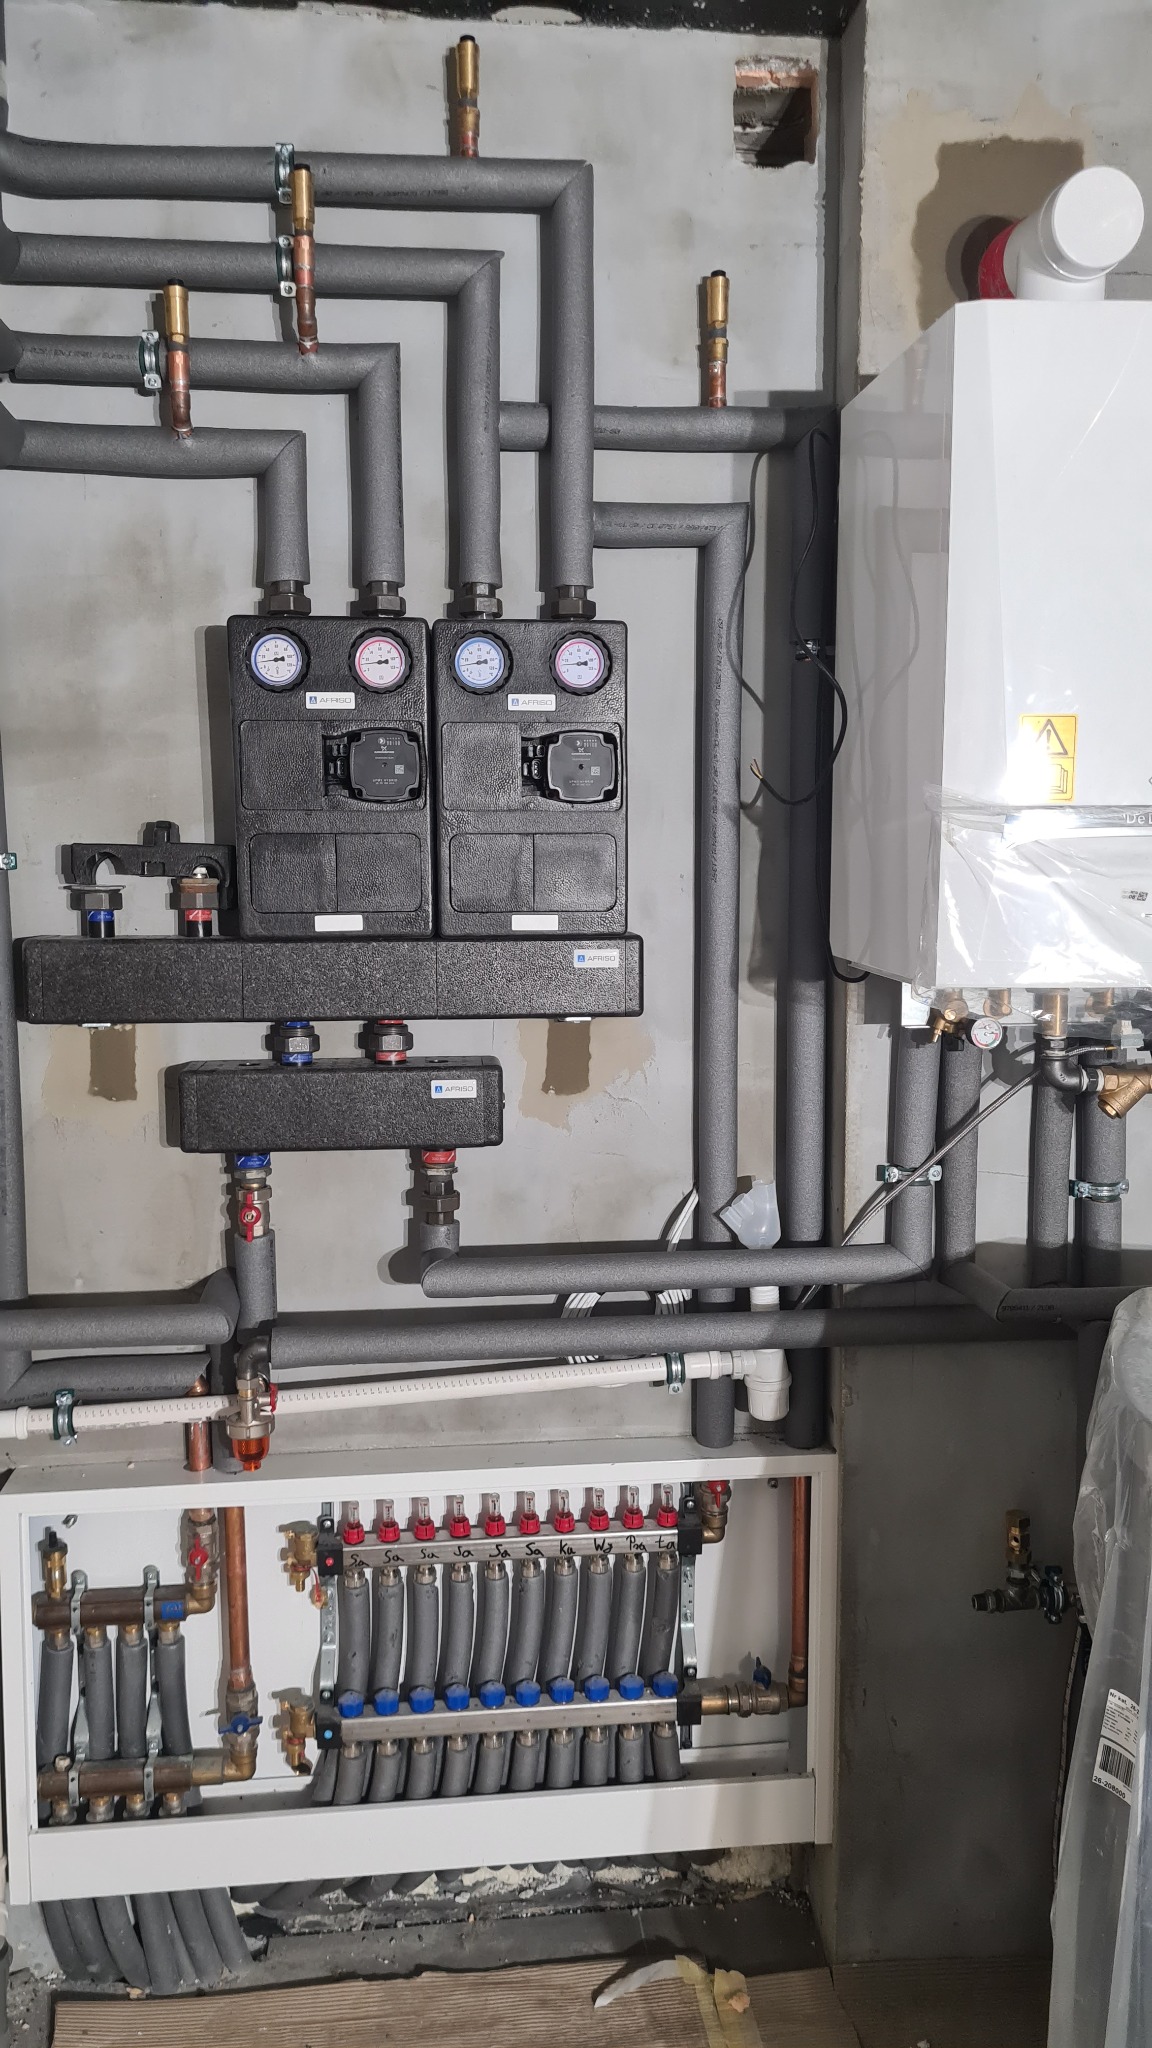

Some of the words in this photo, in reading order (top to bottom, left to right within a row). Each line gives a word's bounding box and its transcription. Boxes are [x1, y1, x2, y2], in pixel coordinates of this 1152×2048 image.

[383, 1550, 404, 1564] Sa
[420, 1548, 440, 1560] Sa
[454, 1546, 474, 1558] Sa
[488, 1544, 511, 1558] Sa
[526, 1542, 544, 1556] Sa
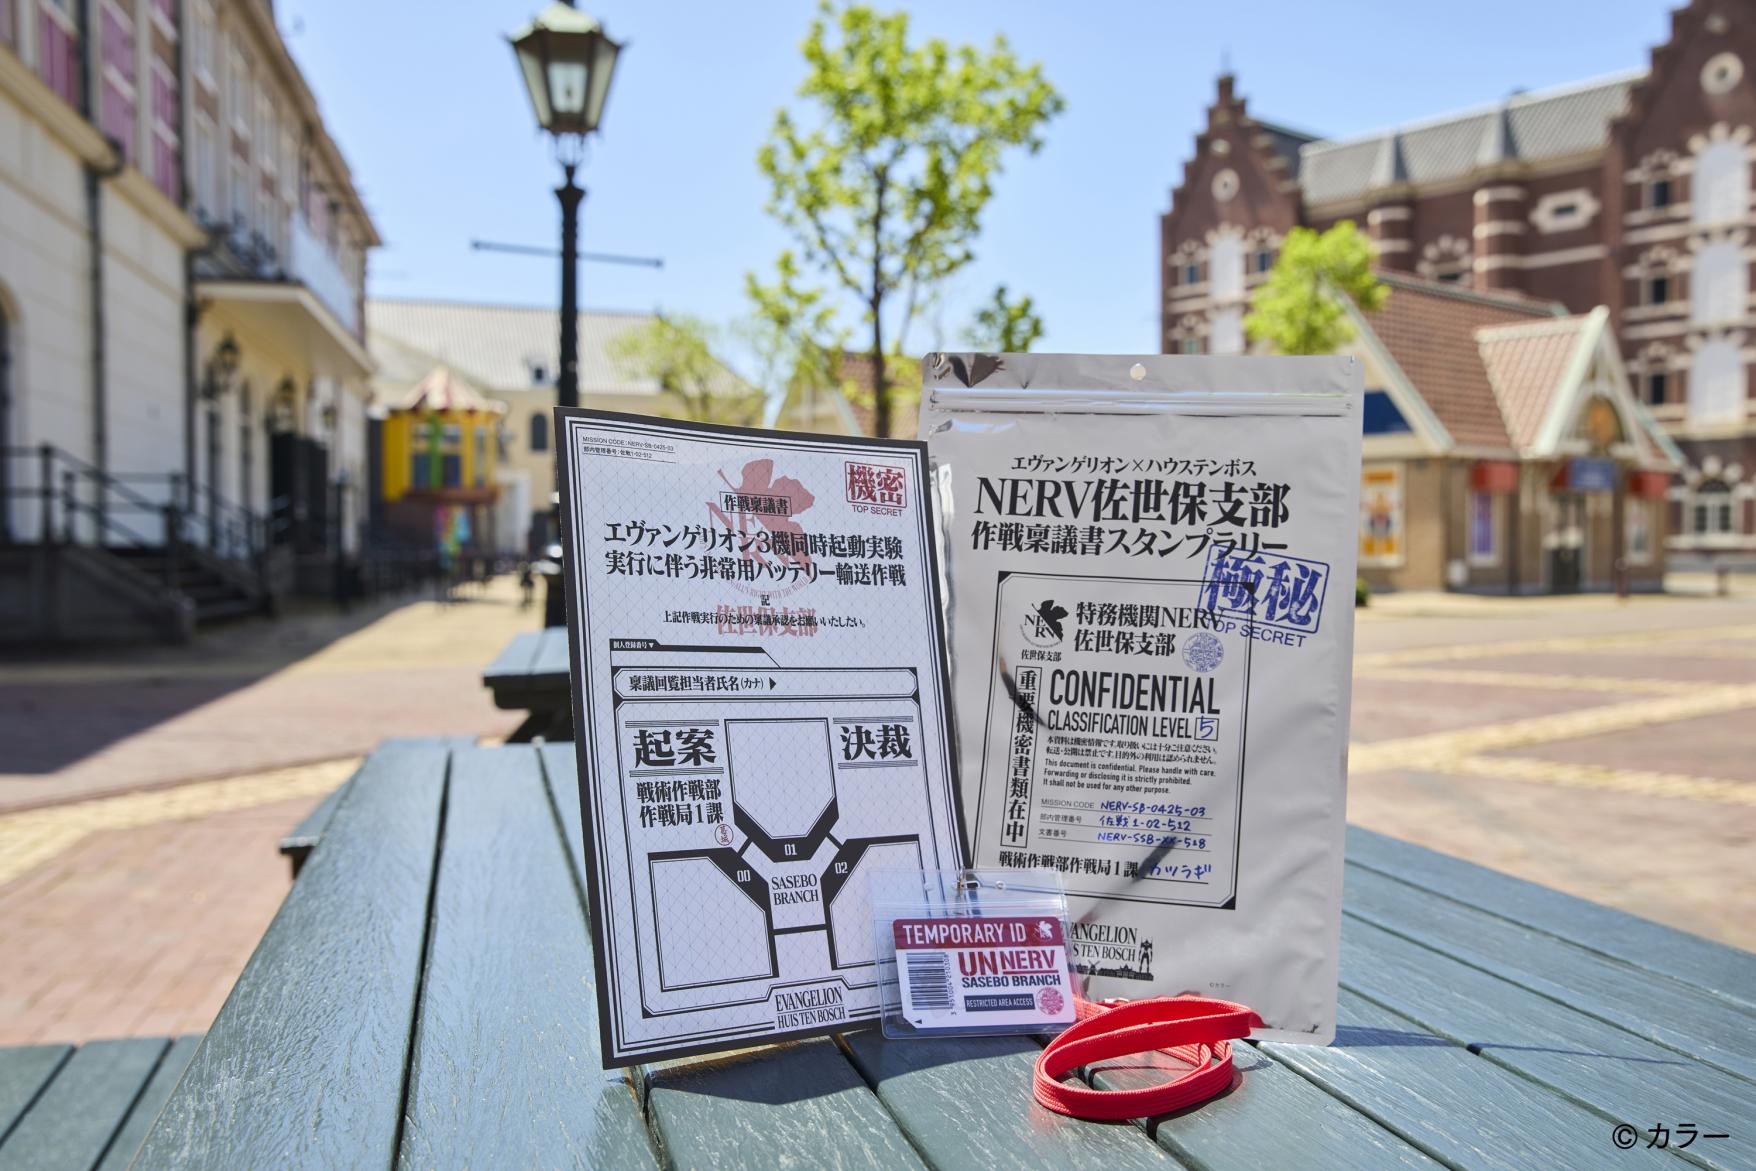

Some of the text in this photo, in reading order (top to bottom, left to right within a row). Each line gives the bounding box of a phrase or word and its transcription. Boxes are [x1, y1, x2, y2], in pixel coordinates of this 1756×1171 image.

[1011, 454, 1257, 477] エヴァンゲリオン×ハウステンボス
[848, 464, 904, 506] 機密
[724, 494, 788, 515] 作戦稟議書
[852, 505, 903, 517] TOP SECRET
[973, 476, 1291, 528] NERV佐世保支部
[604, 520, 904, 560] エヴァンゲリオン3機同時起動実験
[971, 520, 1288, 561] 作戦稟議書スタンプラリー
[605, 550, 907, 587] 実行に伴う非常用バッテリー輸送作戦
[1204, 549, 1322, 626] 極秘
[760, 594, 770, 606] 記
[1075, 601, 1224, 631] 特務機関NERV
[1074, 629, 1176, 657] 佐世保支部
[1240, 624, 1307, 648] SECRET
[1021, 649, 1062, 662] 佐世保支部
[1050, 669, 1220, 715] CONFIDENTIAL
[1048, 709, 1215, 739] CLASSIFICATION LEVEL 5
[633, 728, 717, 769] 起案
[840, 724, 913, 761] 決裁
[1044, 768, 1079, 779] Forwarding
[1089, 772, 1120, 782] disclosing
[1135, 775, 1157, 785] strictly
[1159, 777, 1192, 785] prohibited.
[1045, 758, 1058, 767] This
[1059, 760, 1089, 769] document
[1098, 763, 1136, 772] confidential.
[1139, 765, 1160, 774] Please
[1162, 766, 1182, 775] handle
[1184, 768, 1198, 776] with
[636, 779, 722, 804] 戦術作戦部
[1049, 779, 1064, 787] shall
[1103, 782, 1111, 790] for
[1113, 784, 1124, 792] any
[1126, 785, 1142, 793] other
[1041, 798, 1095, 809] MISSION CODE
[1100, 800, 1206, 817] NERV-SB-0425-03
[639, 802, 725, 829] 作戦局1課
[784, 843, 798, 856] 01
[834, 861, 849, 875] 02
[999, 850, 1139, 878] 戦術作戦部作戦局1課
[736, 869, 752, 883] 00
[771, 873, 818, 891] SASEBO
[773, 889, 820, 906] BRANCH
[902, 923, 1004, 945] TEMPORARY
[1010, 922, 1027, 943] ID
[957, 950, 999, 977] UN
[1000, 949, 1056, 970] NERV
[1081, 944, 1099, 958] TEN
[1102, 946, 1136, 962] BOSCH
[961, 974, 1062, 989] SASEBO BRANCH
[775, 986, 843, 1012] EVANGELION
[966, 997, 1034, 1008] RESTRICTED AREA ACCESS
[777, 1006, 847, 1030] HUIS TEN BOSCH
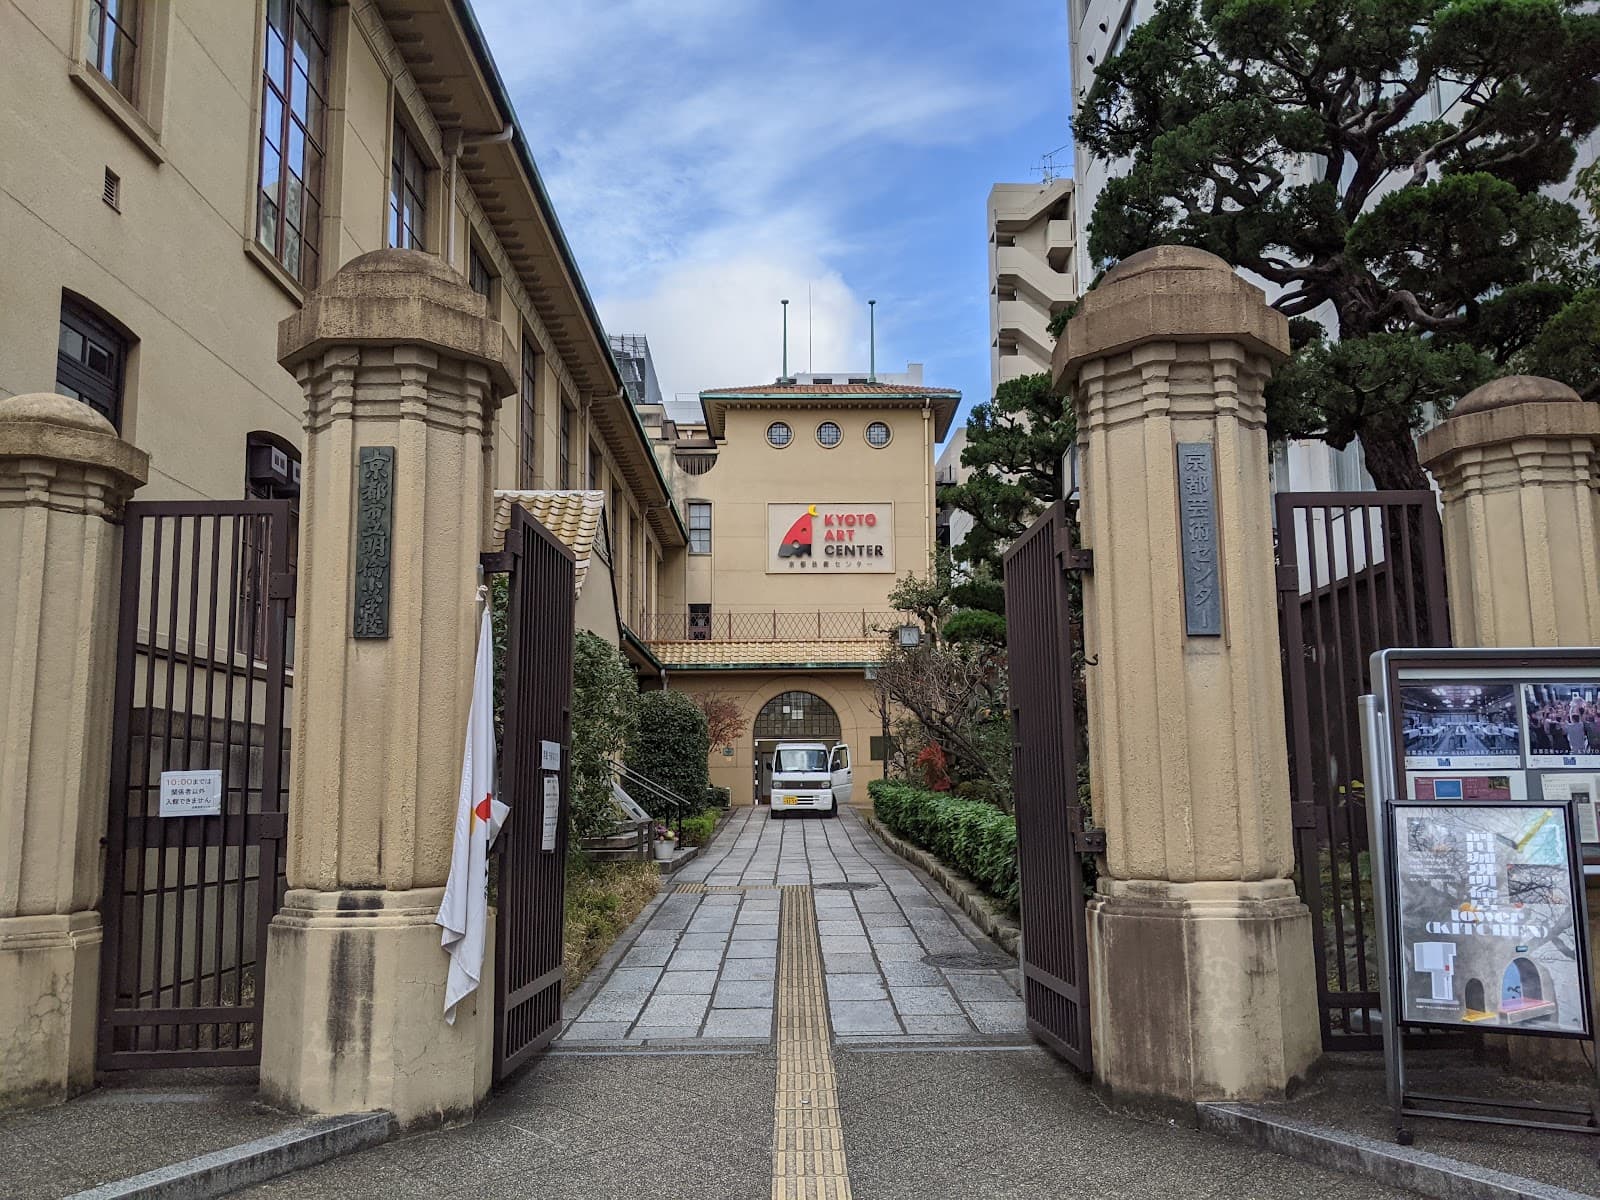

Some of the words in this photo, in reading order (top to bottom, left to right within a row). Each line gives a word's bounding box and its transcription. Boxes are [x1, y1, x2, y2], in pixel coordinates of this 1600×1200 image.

_ _ _ _ _ _ _

• **EXERCISE REQUIREMENTS**
Quote verbatim every line starting at the line that contains "Some of the text" and ending with the last line of the records; omit all pictures.

• **THE ANSWER**
Some of the text in this photo, in reading order (top to bottom, left to right within a row). Each line gives the bounding box of a phrase or word and its transcription. Boxes are [x1, y1, x2, y2], in pixel coordinates of this 1756×1171 image.

[1011, 454, 1257, 477] エヴァンゲリオン×ハウステンボス
[848, 464, 904, 506] 機密
[724, 494, 788, 515] 作戦稟議書
[852, 505, 903, 517] TOP SECRET
[973, 476, 1291, 528] NERV佐世保支部
[604, 520, 904, 560] エヴァンゲリオン3機同時起動実験
[971, 520, 1288, 561] 作戦稟議書スタンプラリー
[605, 550, 907, 587] 実行に伴う非常用バッテリー輸送作戦
[1204, 549, 1322, 626] 極秘
[760, 594, 770, 606] 記
[1075, 601, 1224, 631] 特務機関NERV
[1074, 629, 1176, 657] 佐世保支部
[1240, 624, 1307, 648] SECRET
[1021, 649, 1062, 662] 佐世保支部
[1050, 669, 1220, 715] CONFIDENTIAL
[1048, 709, 1215, 739] CLASSIFICATION LEVEL 5
[633, 728, 717, 769] 起案
[840, 724, 913, 761] 決裁
[1044, 768, 1079, 779] Forwarding
[1089, 772, 1120, 782] disclosing
[1135, 775, 1157, 785] strictly
[1159, 777, 1192, 785] prohibited.
[1045, 758, 1058, 767] This
[1059, 760, 1089, 769] document
[1098, 763, 1136, 772] confidential.
[1139, 765, 1160, 774] Please
[1162, 766, 1182, 775] handle
[1184, 768, 1198, 776] with
[636, 779, 722, 804] 戦術作戦部
[1049, 779, 1064, 787] shall
[1103, 782, 1111, 790] for
[1113, 784, 1124, 792] any
[1126, 785, 1142, 793] other
[1041, 798, 1095, 809] MISSION CODE
[1100, 800, 1206, 817] NERV-SB-0425-03
[639, 802, 725, 829] 作戦局1課
[784, 843, 798, 856] 01
[834, 861, 849, 875] 02
[999, 850, 1139, 878] 戦術作戦部作戦局1課
[736, 869, 752, 883] 00
[771, 873, 818, 891] SASEBO
[773, 889, 820, 906] BRANCH
[902, 923, 1004, 945] TEMPORARY
[1010, 922, 1027, 943] ID
[957, 950, 999, 977] UN
[1000, 949, 1056, 970] NERV
[1081, 944, 1099, 958] TEN
[1102, 946, 1136, 962] BOSCH
[961, 974, 1062, 989] SASEBO BRANCH
[775, 986, 843, 1012] EVANGELION
[966, 997, 1034, 1008] RESTRICTED AREA ACCESS
[777, 1006, 847, 1030] HUIS TEN BOSCH

Some of the words in this photo, in reading order (top to bottom, left to right within a row). Each line gives a word's bounding box and its transcription. Boxes are [x1, y1, x2, y2], in pixel coordinates of this 1600×1200 image.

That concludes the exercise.